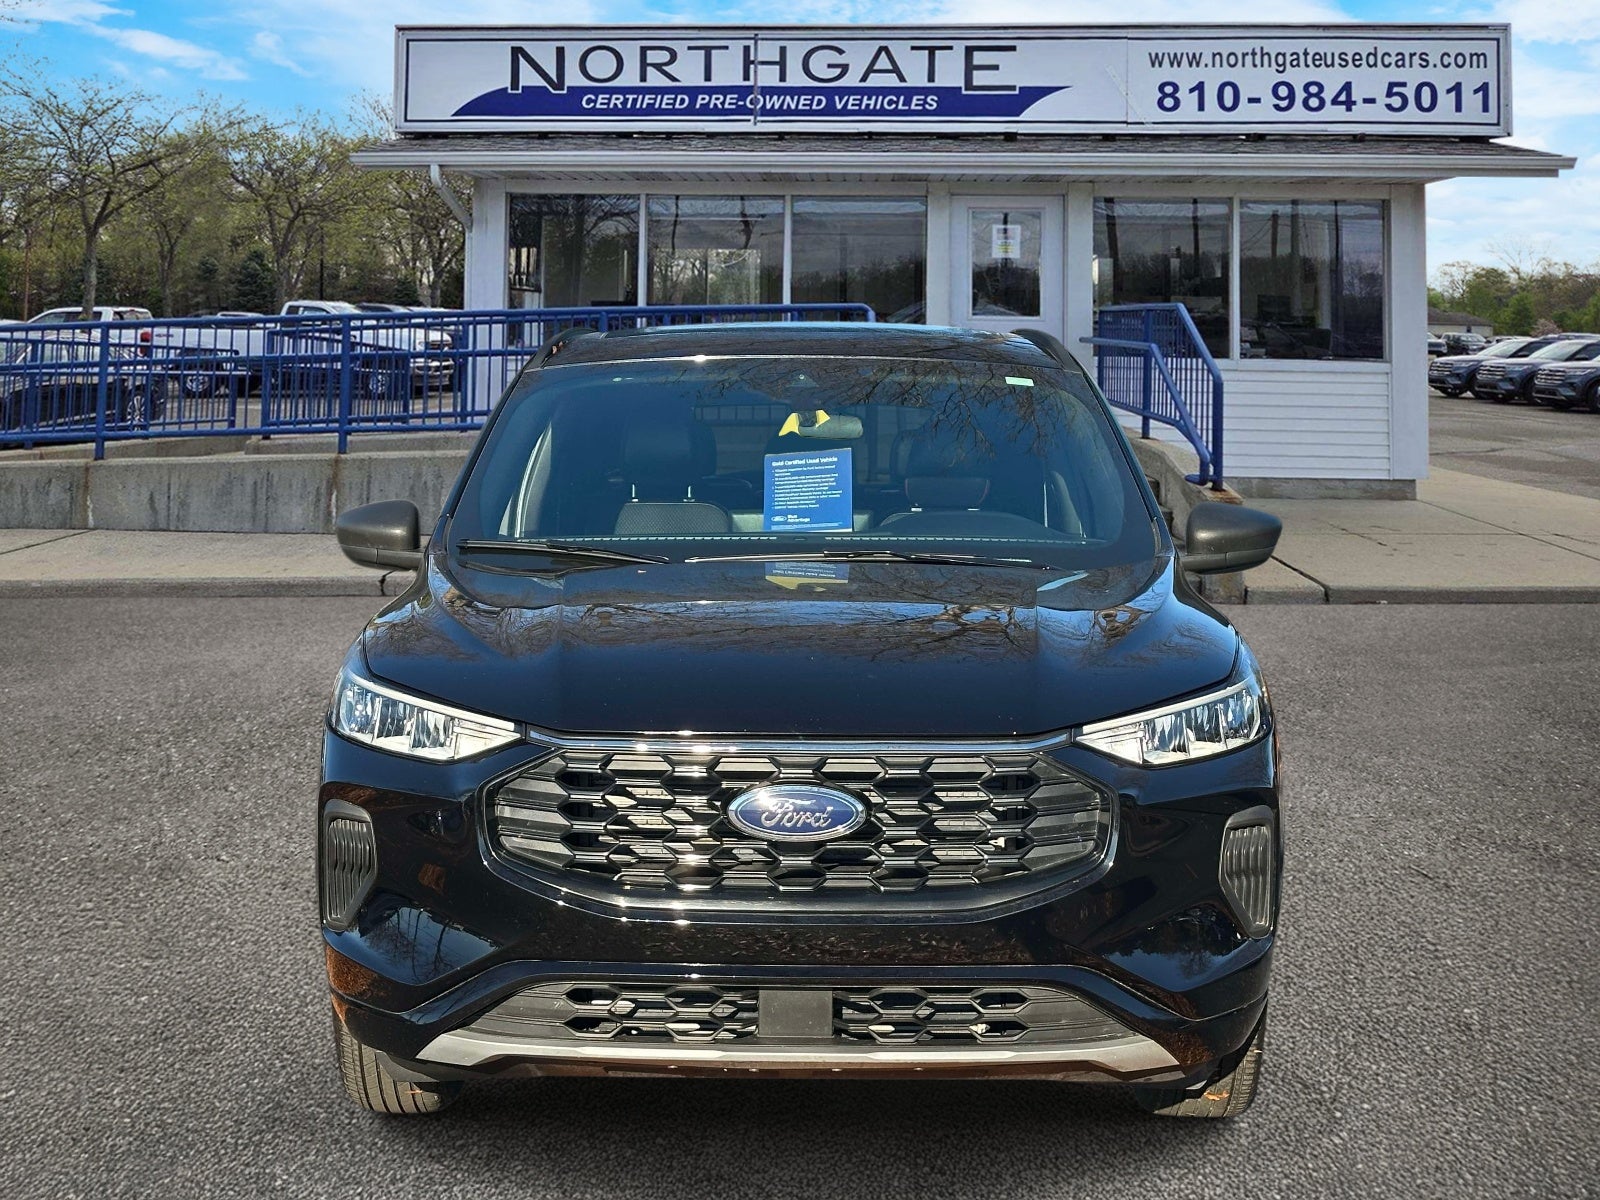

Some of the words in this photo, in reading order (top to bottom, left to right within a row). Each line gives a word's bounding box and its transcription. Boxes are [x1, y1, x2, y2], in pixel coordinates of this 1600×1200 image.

[510, 45, 1017, 92] NORTHGATE
[1148, 46, 1488, 74] www.northgateusedcars.com
[581, 94, 689, 110] CERTIFIED
[695, 94, 827, 111] PRE-OWNED
[834, 94, 938, 111] VEHICLES
[1156, 80, 1490, 113] 810-984-5011
[759, 799, 834, 828] Ford
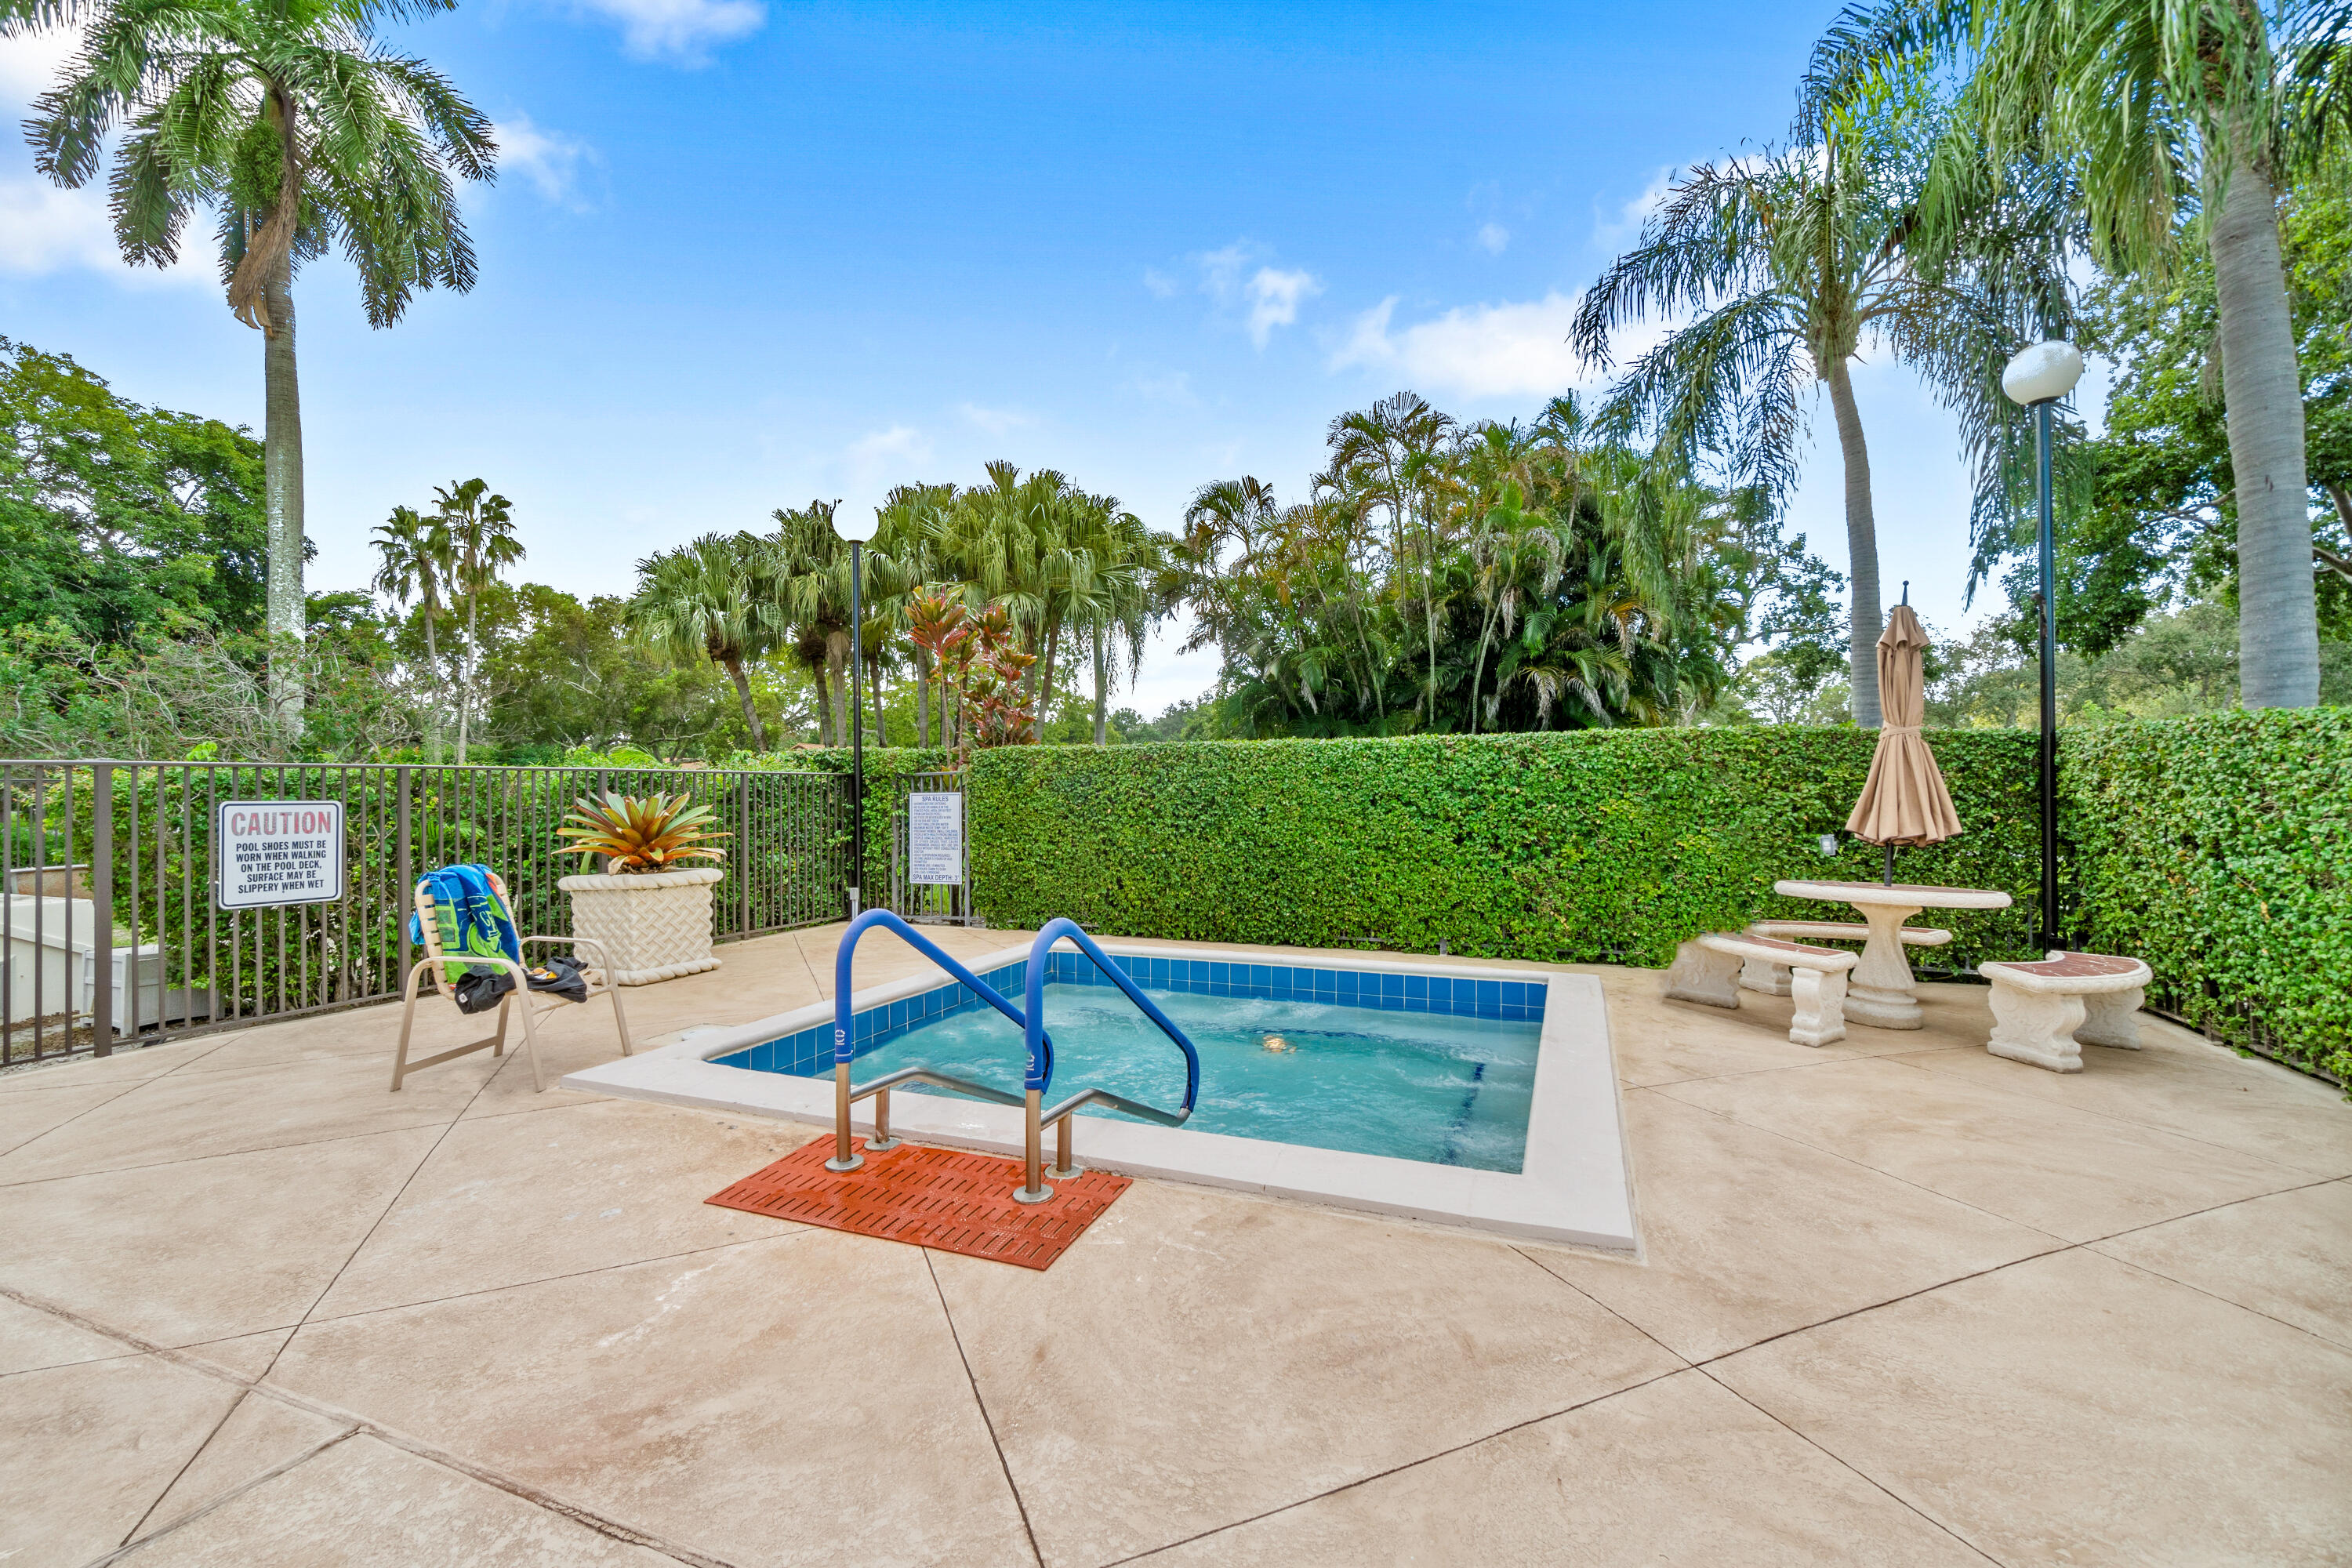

- [Task prompt]
Copy every entry word for word, but omit the pictures.

- [Solution for this problem]
Some of the words in this photo, in reading order (top to bottom, left to right within a row). Each line gives a word's bounding box and its transcription. Boxes are [x1, y1, x2, y2], in pixel coordinates of this 1600×1200 image.

[510, 45, 1017, 92] NORTHGATE
[1148, 46, 1488, 74] www.northgateusedcars.com
[581, 94, 689, 110] CERTIFIED
[695, 94, 827, 111] PRE-OWNED
[834, 94, 938, 111] VEHICLES
[1156, 80, 1490, 113] 810-984-5011
[759, 799, 834, 828] Ford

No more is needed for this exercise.